Please restate the records below verbatim, omitting every image they hold.

Images for object localization
━━━━━━━━━━━━━━━━

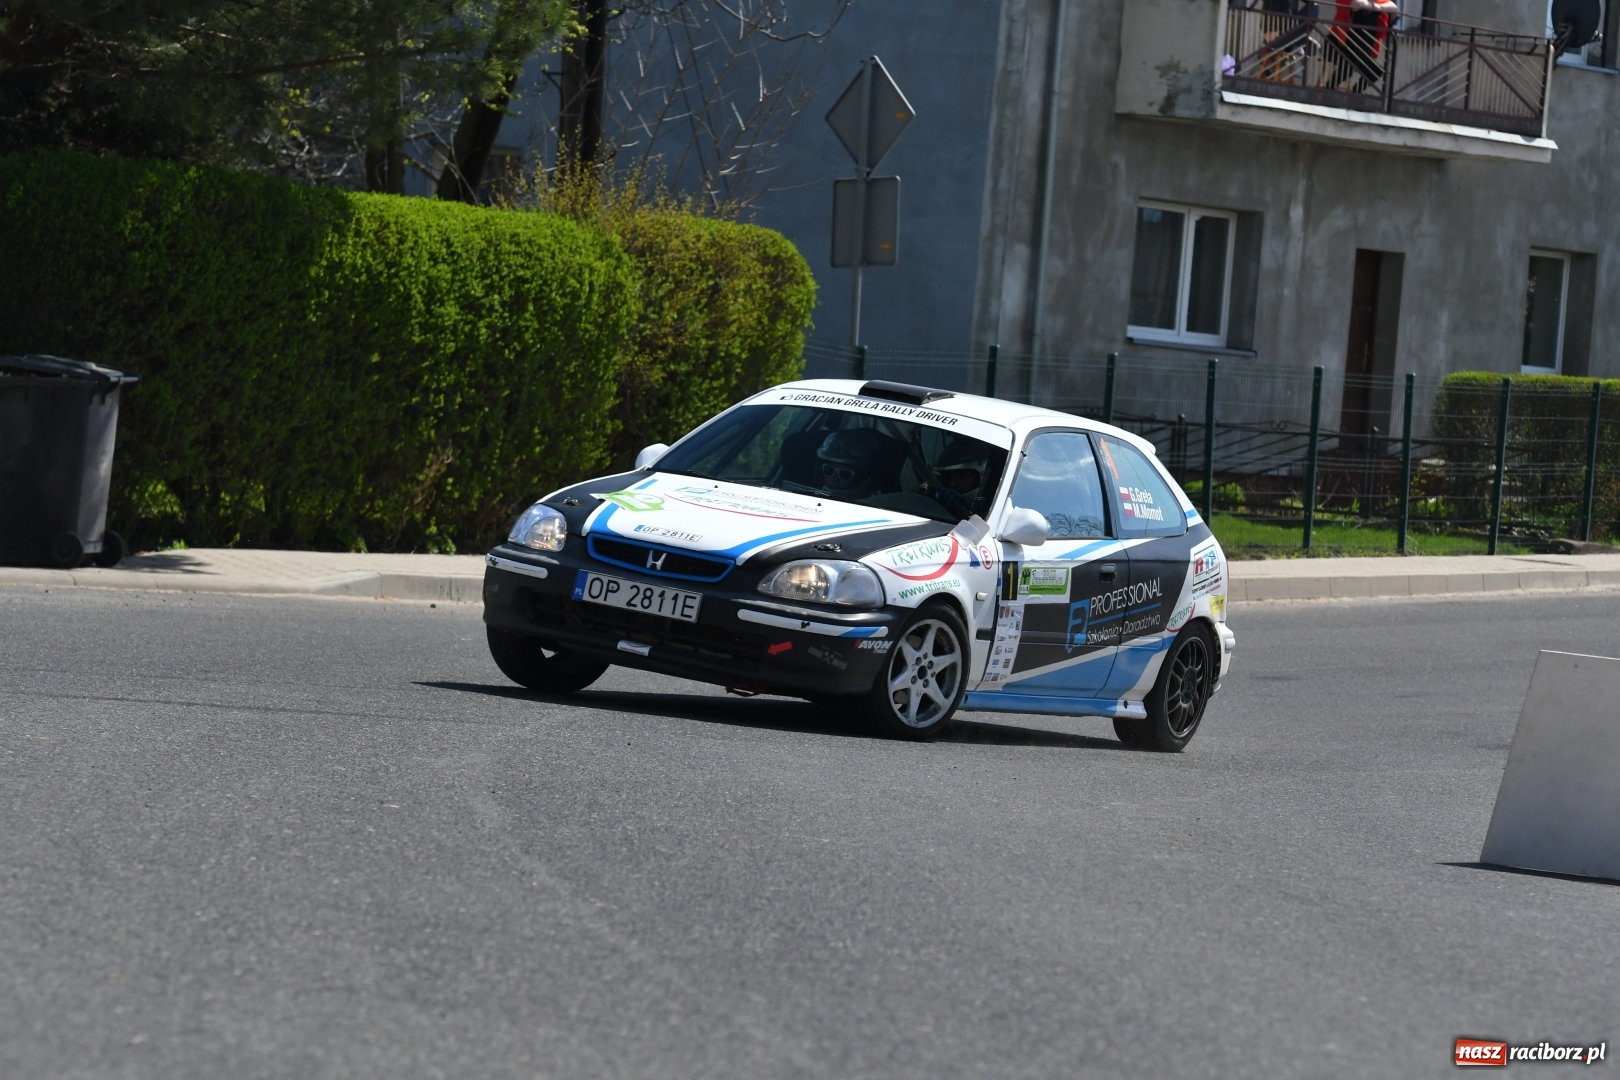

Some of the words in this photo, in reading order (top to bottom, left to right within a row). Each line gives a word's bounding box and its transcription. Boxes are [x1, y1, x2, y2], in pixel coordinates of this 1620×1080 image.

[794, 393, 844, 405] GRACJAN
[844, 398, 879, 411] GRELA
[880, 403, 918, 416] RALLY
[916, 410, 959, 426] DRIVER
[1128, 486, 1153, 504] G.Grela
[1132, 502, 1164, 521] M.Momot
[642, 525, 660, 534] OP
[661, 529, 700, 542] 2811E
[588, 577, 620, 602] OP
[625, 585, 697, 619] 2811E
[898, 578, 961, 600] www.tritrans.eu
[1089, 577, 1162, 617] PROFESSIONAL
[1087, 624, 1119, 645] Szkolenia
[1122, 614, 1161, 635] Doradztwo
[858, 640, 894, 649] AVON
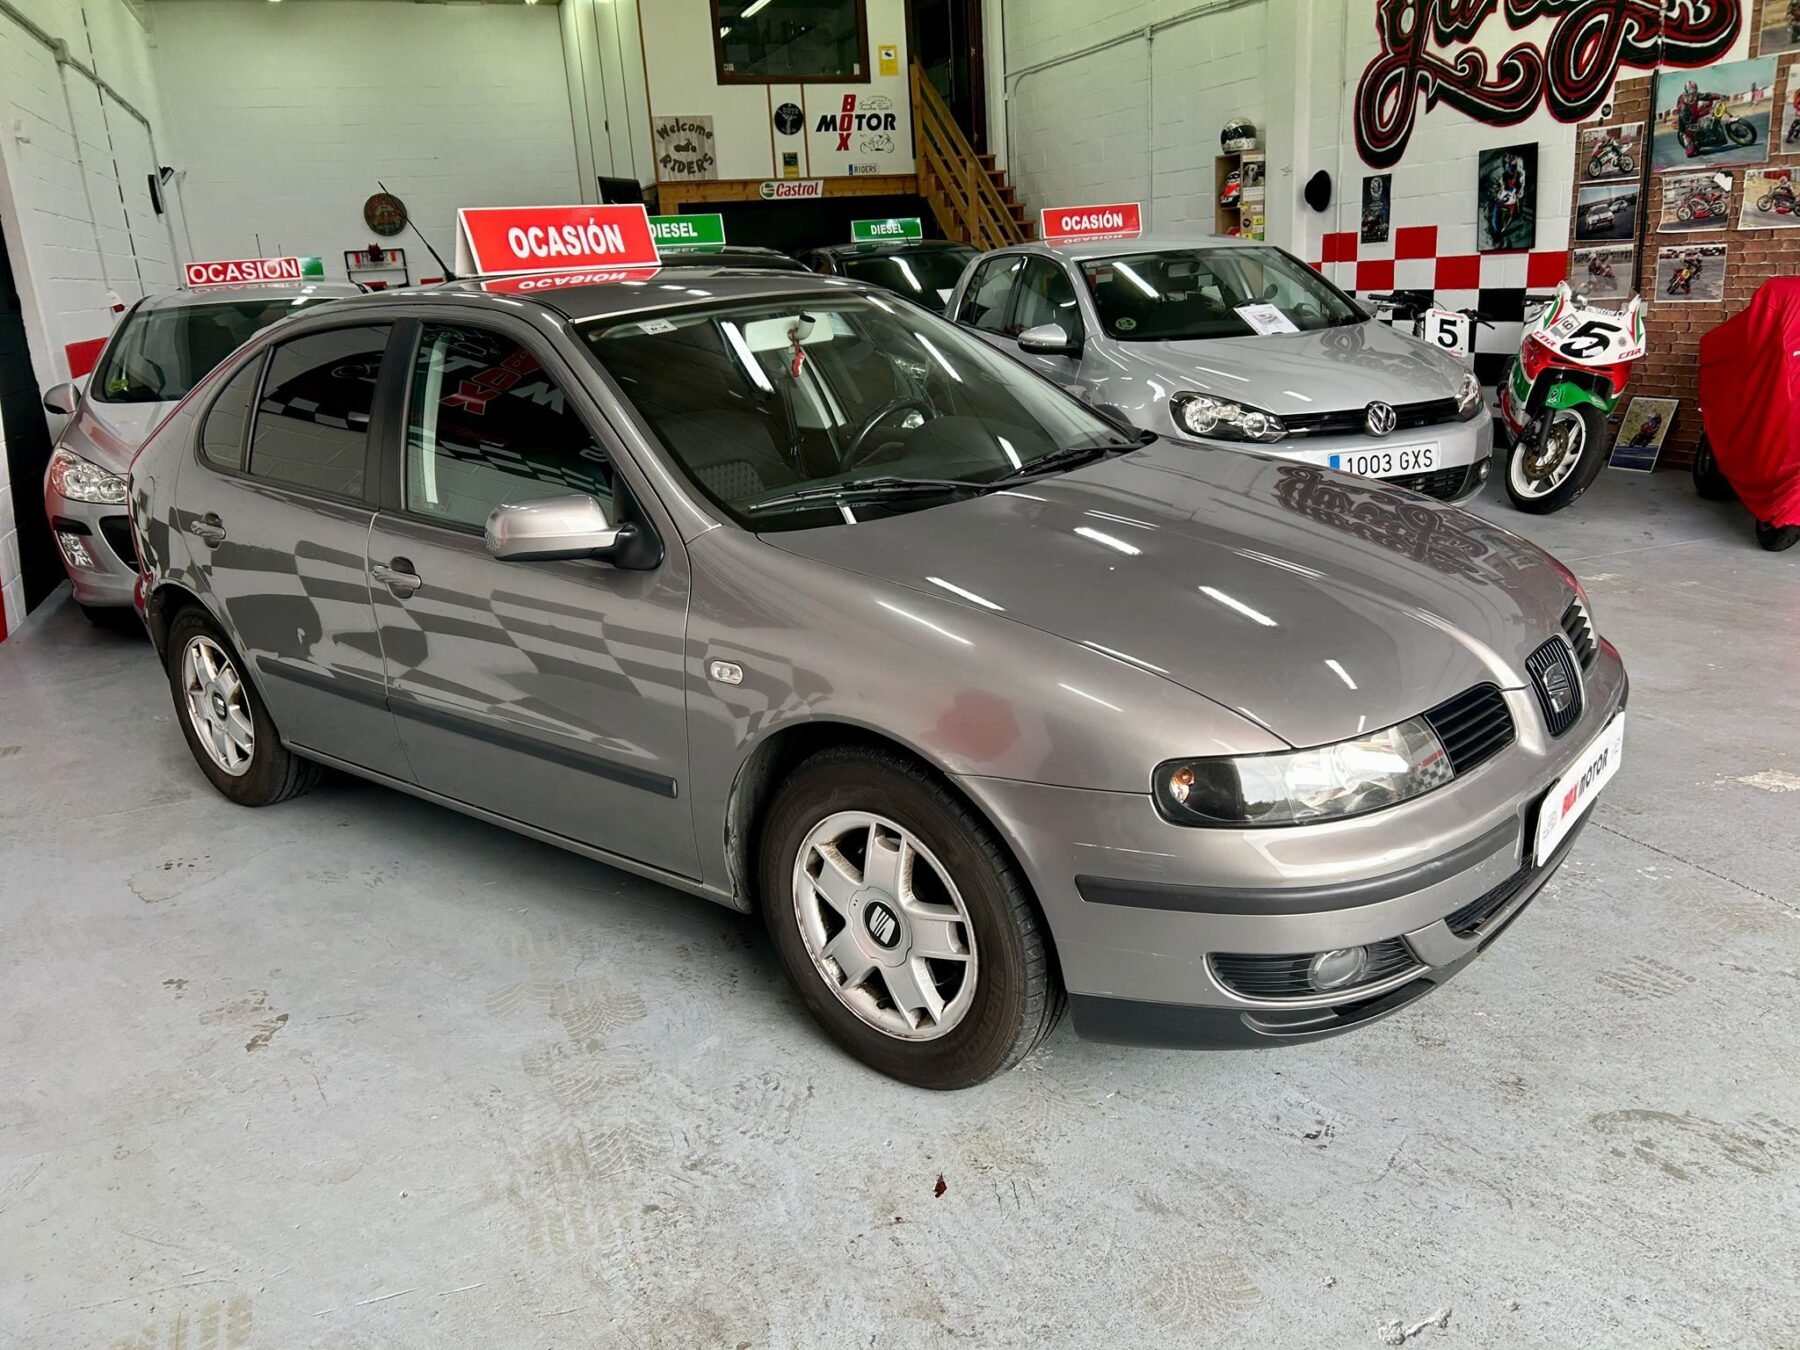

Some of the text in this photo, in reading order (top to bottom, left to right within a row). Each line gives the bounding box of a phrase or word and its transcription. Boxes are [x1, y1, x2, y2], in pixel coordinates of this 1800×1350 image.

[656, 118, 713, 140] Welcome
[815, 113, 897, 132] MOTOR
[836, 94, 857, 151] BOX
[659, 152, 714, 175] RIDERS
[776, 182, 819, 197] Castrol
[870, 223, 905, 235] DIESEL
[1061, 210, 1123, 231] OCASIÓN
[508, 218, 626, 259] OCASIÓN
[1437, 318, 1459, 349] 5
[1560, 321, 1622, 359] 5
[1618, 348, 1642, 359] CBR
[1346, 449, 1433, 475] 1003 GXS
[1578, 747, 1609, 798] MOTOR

━━━━━━━━━━━━━━━━

## [Response to this task]
Some of the words in this photo, in reading order (top to bottom, left to right within a row). Each line gives a word's bounding box and its transcription. Boxes are [x1, y1, x2, y2], in pixel coordinates of this 1620×1080 image.

[794, 393, 844, 405] GRACJAN
[844, 398, 879, 411] GRELA
[880, 403, 918, 416] RALLY
[916, 410, 959, 426] DRIVER
[1128, 486, 1153, 504] G.Grela
[1132, 502, 1164, 521] M.Momot
[642, 525, 660, 534] OP
[661, 529, 700, 542] 2811E
[588, 577, 620, 602] OP
[625, 585, 697, 619] 2811E
[898, 578, 961, 600] www.tritrans.eu
[1089, 577, 1162, 617] PROFESSIONAL
[1087, 624, 1119, 645] Szkolenia
[1122, 614, 1161, 635] Doradztwo
[858, 640, 894, 649] AVON

Some of the text in this photo, in reading order (top to bottom, left to right within a row). Each line gives the bounding box of a phrase or word and its transcription. Boxes are [x1, y1, x2, y2], in pixel coordinates of this 1800×1350 image.

[656, 118, 713, 140] Welcome
[815, 113, 897, 132] MOTOR
[836, 94, 857, 151] BOX
[659, 152, 714, 175] RIDERS
[776, 182, 819, 197] Castrol
[870, 223, 905, 235] DIESEL
[1061, 210, 1123, 231] OCASIÓN
[508, 218, 626, 259] OCASIÓN
[1437, 318, 1459, 349] 5
[1560, 321, 1622, 359] 5
[1618, 348, 1642, 359] CBR
[1346, 449, 1433, 475] 1003 GXS
[1578, 747, 1609, 798] MOTOR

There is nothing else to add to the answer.